Feature Engineering and Selection

Feature Engineering and Selection
Title Feature Engineering and Selection PDF eBook
Author Max Kuhn
Publisher CRC Press
Pages 266
Release 2019-07-25
Genre Business & Economics
ISBN 1351609467

Download Feature Engineering and Selection Book in PDF, Epub and Kindle

The process of developing predictive models includes many stages. Most resources focus on the modeling algorithms but neglect other critical aspects of the modeling process. This book describes techniques for finding the best representations of predictors for modeling and for nding the best subset of predictors for improving model performance. A variety of example data sets are used to illustrate the techniques along with R programs for reproducing the results.

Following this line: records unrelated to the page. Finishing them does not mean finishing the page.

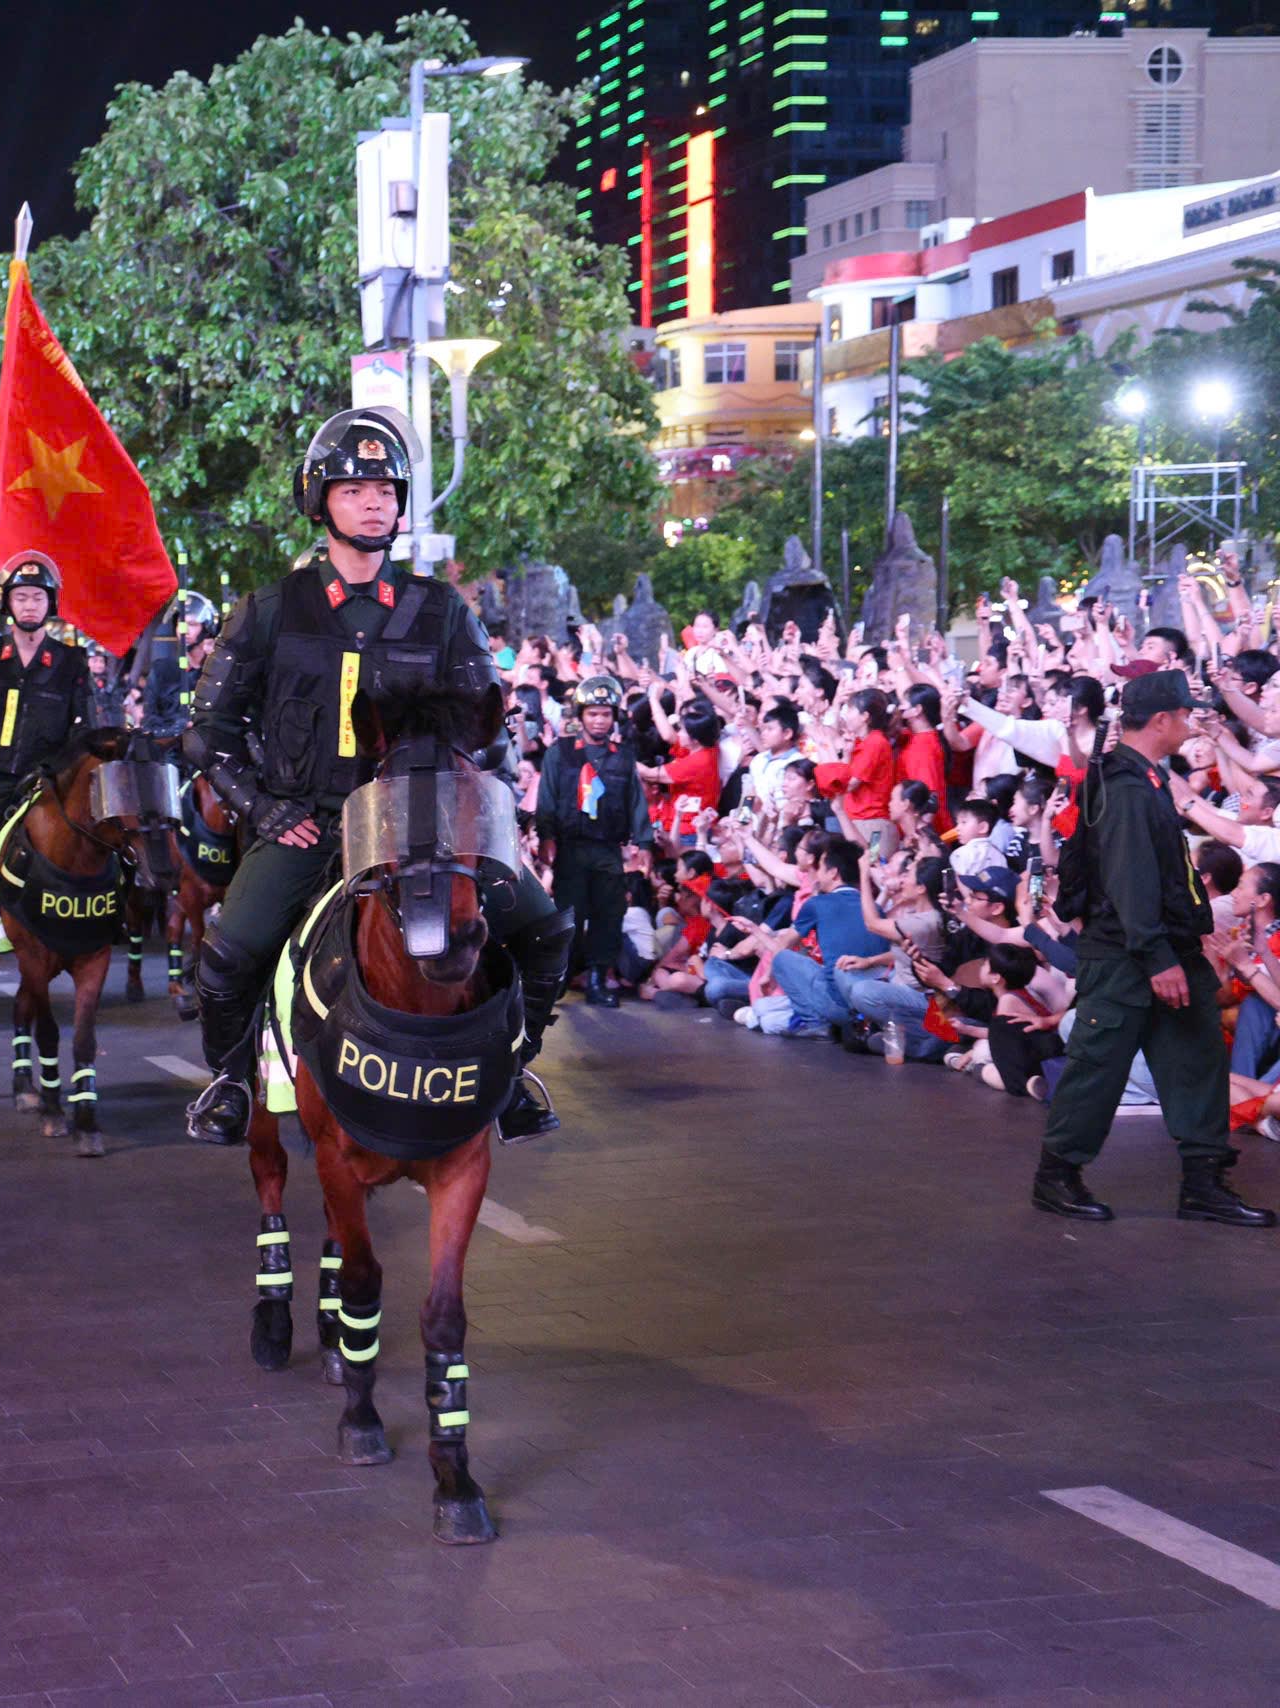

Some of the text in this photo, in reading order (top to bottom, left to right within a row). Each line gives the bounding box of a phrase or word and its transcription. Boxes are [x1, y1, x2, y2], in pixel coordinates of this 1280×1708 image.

[198, 843, 230, 864] POL
[41, 891, 117, 918] POLICE
[338, 1038, 479, 1103] POLICE
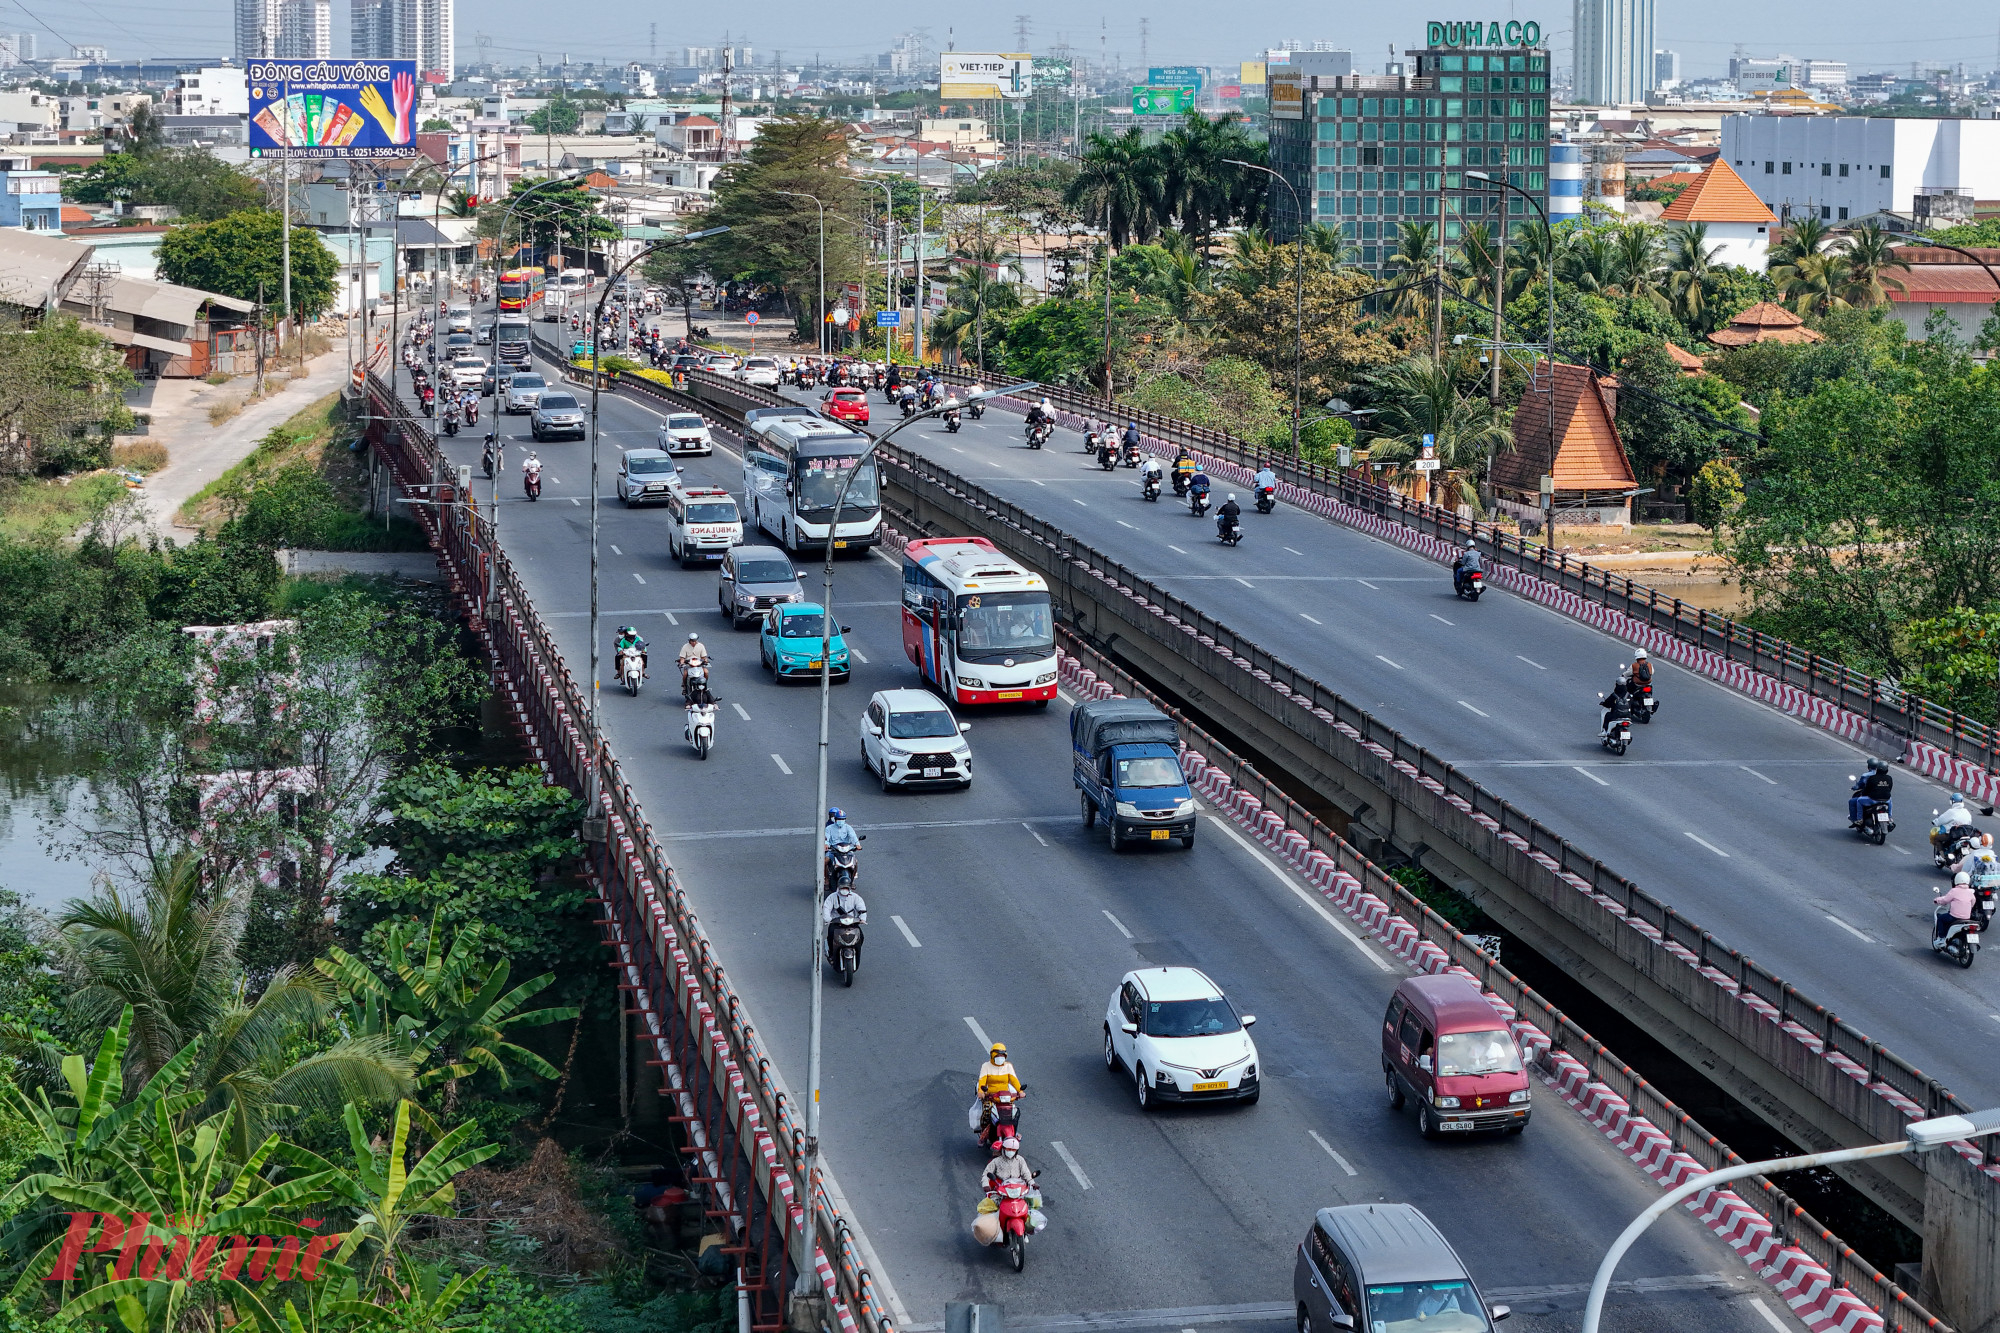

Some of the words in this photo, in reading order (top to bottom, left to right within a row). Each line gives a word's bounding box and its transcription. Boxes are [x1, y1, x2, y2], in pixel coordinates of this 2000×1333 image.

[1427, 20, 1540, 46] DUHACO
[960, 63, 1004, 72] VIET-TIEP
[291, 82, 360, 90] www.whiteglove.com.vn
[1422, 461, 1435, 469] 200

Mixed Effects Models for Complex Data

Mixed Effects Models for Complex Data
Title Mixed Effects Models for Complex Data PDF eBook
Author Lang Wu
Publisher CRC Press
Pages 431
Release 2009-11-11
Genre Mathematics
ISBN 9781420074086

Download Mixed Effects Models for Complex Data Book in PDF, Epub and Kindle

Although standard mixed effects models are useful in a range of studies, other approaches must often be used in correlation with them when studying complex or incomplete data. Mixed Effects Models for Complex Data discusses commonly used mixed effects models and presents appropriate approaches to address dropouts, missing data, measurement errors, censoring, and outliers. For each class of mixed effects model, the author reviews the corresponding class of regression model for cross-sectional data. An overview of general models and methods, along with motivating examples After presenting real data examples and outlining general approaches to the analysis of longitudinal/clustered data and incomplete data, the book introduces linear mixed effects (LME) models, generalized linear mixed models (GLMMs), nonlinear mixed effects (NLME) models, and semiparametric and nonparametric mixed effects models. It also includes general approaches for the analysis of complex data with missing values, measurement errors, censoring, and outliers. Self-contained coverage of specific topics Subsequent chapters delve more deeply into missing data problems, covariate measurement errors, and censored responses in mixed effects models. Focusing on incomplete data, the book also covers survival and frailty models, joint models of survival and longitudinal data, robust methods for mixed effects models, marginal generalized estimating equation (GEE) models for longitudinal or clustered data, and Bayesian methods for mixed effects models. Background material In the appendix, the author provides background information, such as likelihood theory, the Gibbs sampler, rejection and importance sampling methods, numerical integration methods, optimization methods, bootstrap, and matrix algebra. Failure to properly address missing data, measurement errors, and other issues in statistical analyses can lead to severely biased or misleading results. This book explores the biases that arise when naïve methods are used and shows which approaches should be used to achieve accurate results in longitudinal data analysis.